* **What you have to do**: Once the pictures are set aside, transcribe each line of the data exactly.

* **Data for processing**:
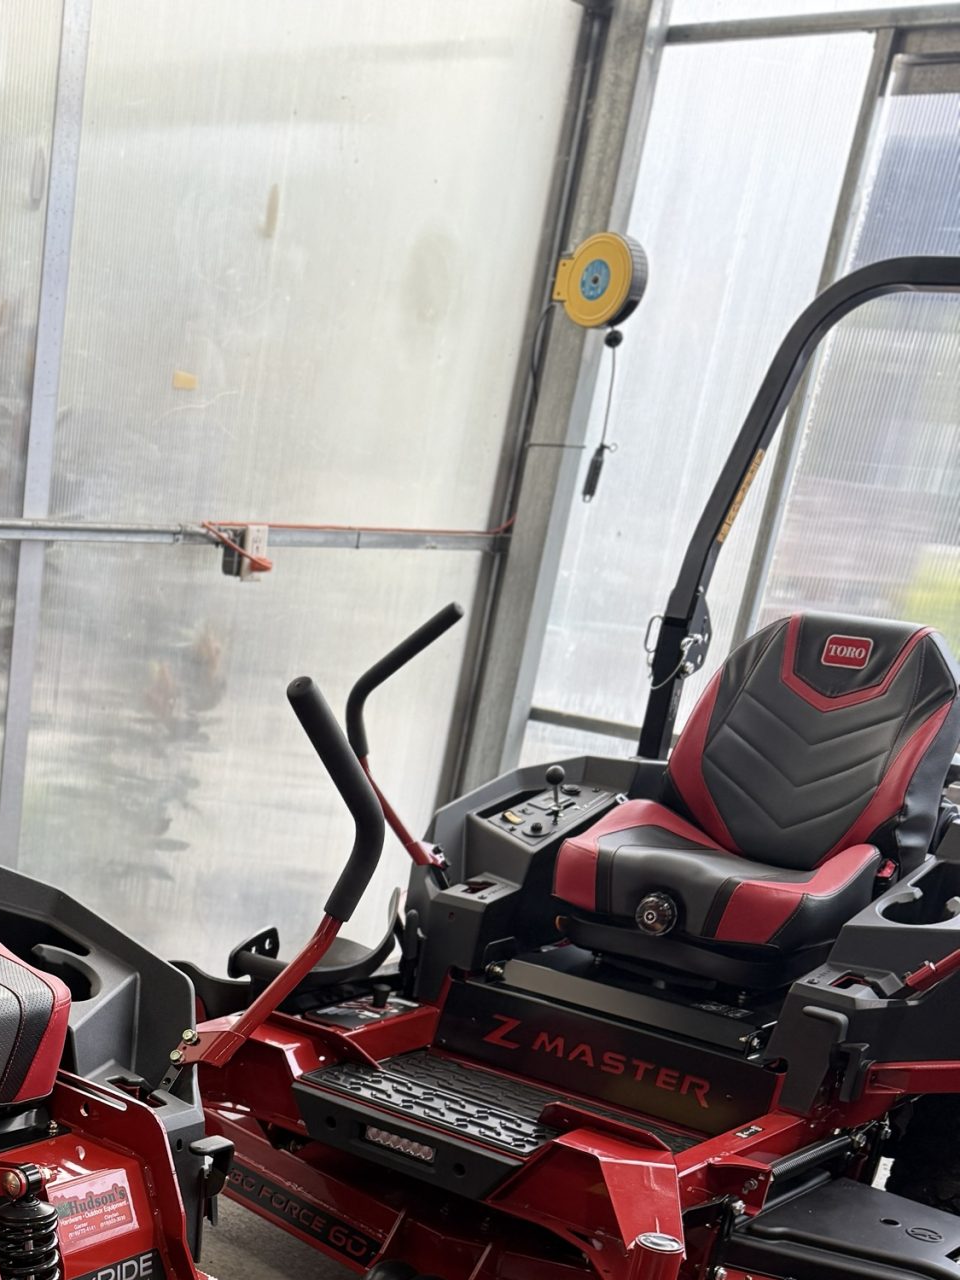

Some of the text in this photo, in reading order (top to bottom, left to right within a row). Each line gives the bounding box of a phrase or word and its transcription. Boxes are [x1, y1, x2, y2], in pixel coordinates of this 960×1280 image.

[828, 645, 866, 659] TORO
[483, 1014, 712, 1108] Z MASTER
[68, 1186, 126, 1216] Hudson's
[257, 1184, 327, 1233] FORCE
[327, 1225, 368, 1257] 60
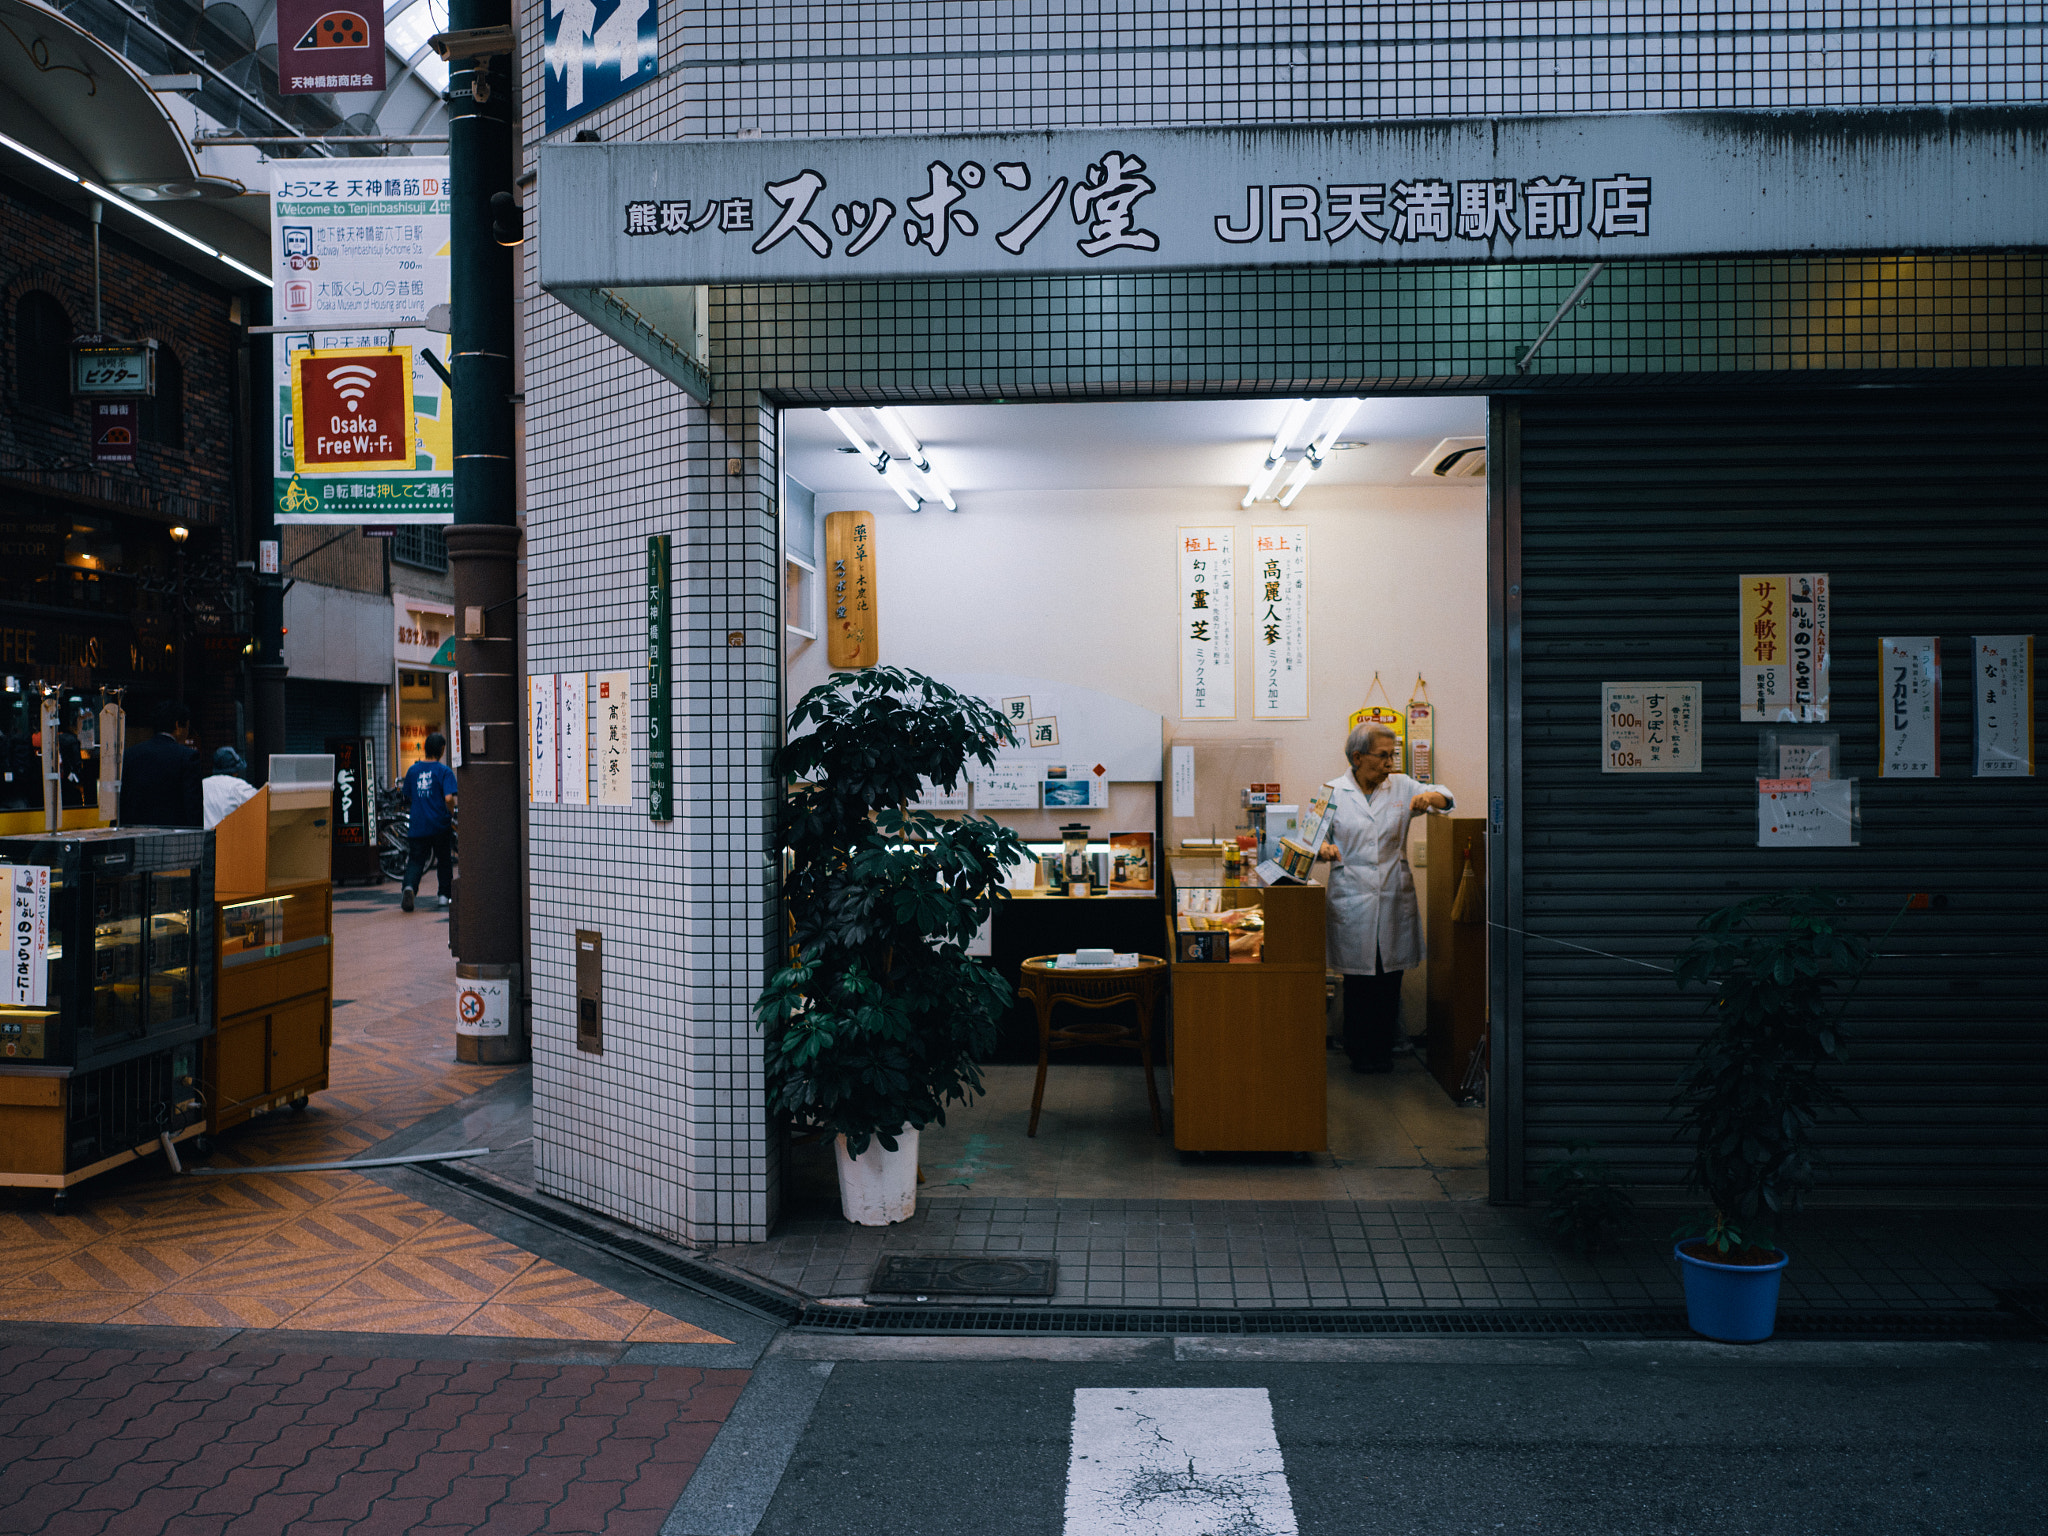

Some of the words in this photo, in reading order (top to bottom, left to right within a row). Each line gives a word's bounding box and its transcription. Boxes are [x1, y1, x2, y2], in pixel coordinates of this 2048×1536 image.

* **Answer section**:
Some of the text in this photo, in reading order (top to bottom, left to right within a row). Each line gives the bounding box of a phrase or word and its transcription. Boxes are [x1, y1, x2, y2], in pixel coordinates of this 960×1280 image.

[828, 645, 866, 659] TORO
[483, 1014, 712, 1108] Z MASTER
[68, 1186, 126, 1216] Hudson's
[257, 1184, 327, 1233] FORCE
[327, 1225, 368, 1257] 60

Some of the words in this photo, in reading order (top to bottom, left to right within a row). Each line gives a word's bounding box and its transcription. Boxes are [x1, y1, x2, y2], in pixel coordinates of this 2048×1536 image.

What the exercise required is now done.